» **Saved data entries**
--

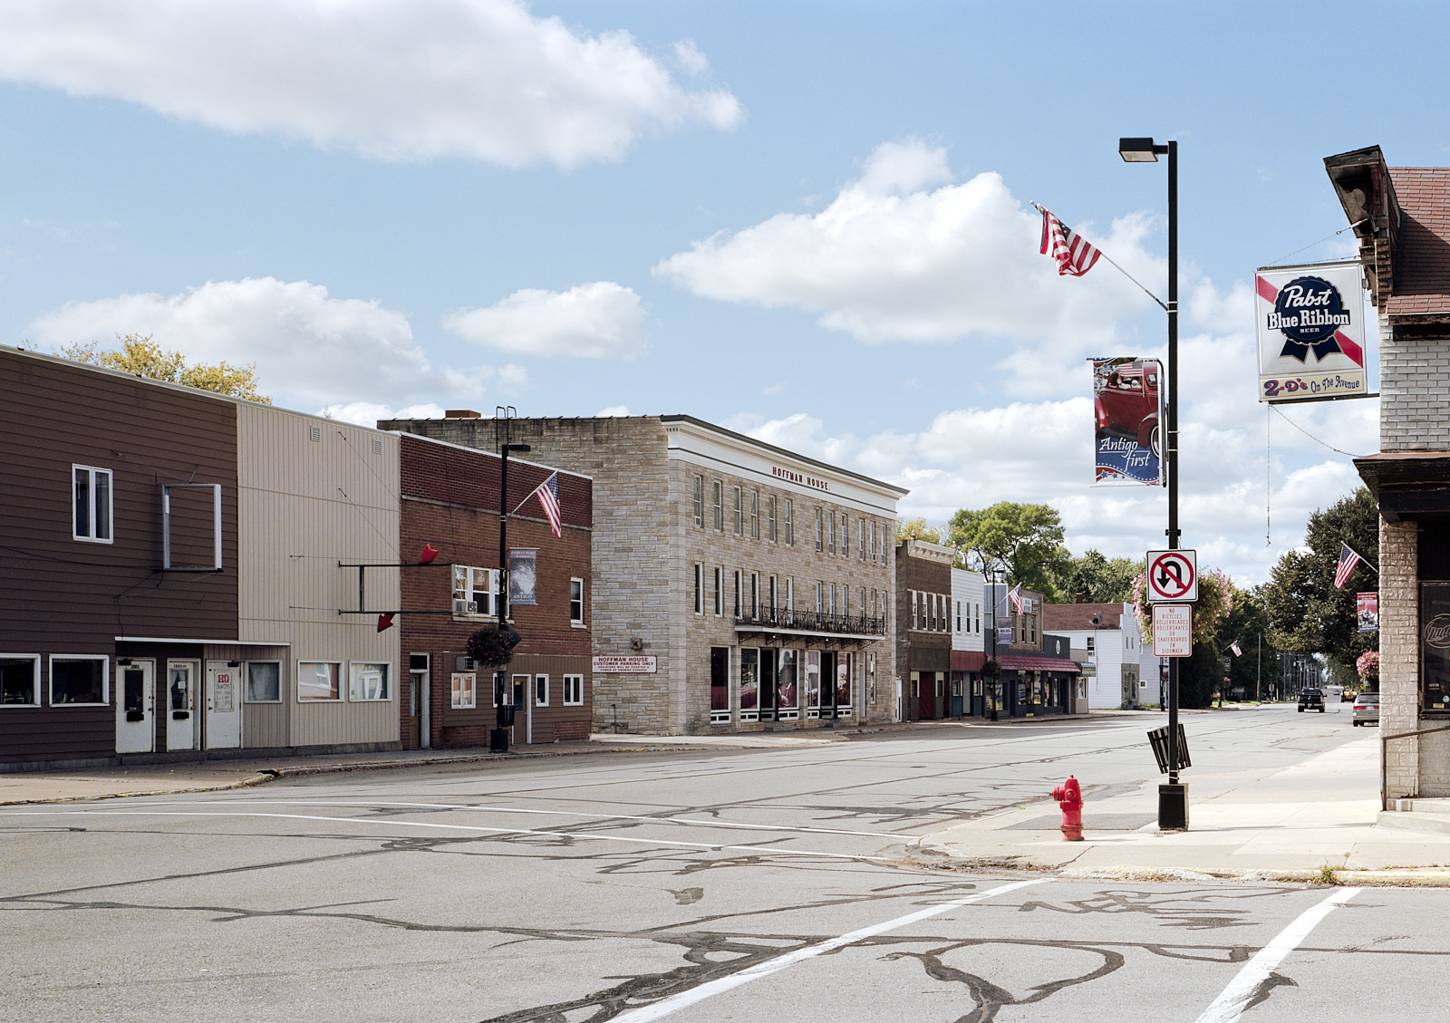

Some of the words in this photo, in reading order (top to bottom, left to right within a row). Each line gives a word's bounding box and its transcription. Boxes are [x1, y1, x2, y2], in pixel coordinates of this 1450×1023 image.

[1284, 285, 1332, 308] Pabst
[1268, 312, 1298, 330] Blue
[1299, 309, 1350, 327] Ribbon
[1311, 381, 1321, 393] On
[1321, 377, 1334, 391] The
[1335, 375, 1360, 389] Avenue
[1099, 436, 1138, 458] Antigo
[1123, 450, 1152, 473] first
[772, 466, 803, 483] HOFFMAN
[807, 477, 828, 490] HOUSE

--

» **PROBLEM DESCRIPTION**
Would you mind returning each entry above word for word, skipping the images?

» **EXERCISE ANSWER**
Some of the words in this photo, in reading order (top to bottom, left to right within a row). Each line gives a word's bounding box and its transcription. Boxes are [x1, y1, x2, y2], in pixel coordinates of this 1450×1023 image.

[1284, 285, 1332, 308] Pabst
[1268, 312, 1298, 330] Blue
[1299, 309, 1350, 327] Ribbon
[1311, 381, 1321, 393] On
[1321, 377, 1334, 391] The
[1335, 375, 1360, 389] Avenue
[1099, 436, 1138, 458] Antigo
[1123, 450, 1152, 473] first
[772, 466, 803, 483] HOFFMAN
[807, 477, 828, 490] HOUSE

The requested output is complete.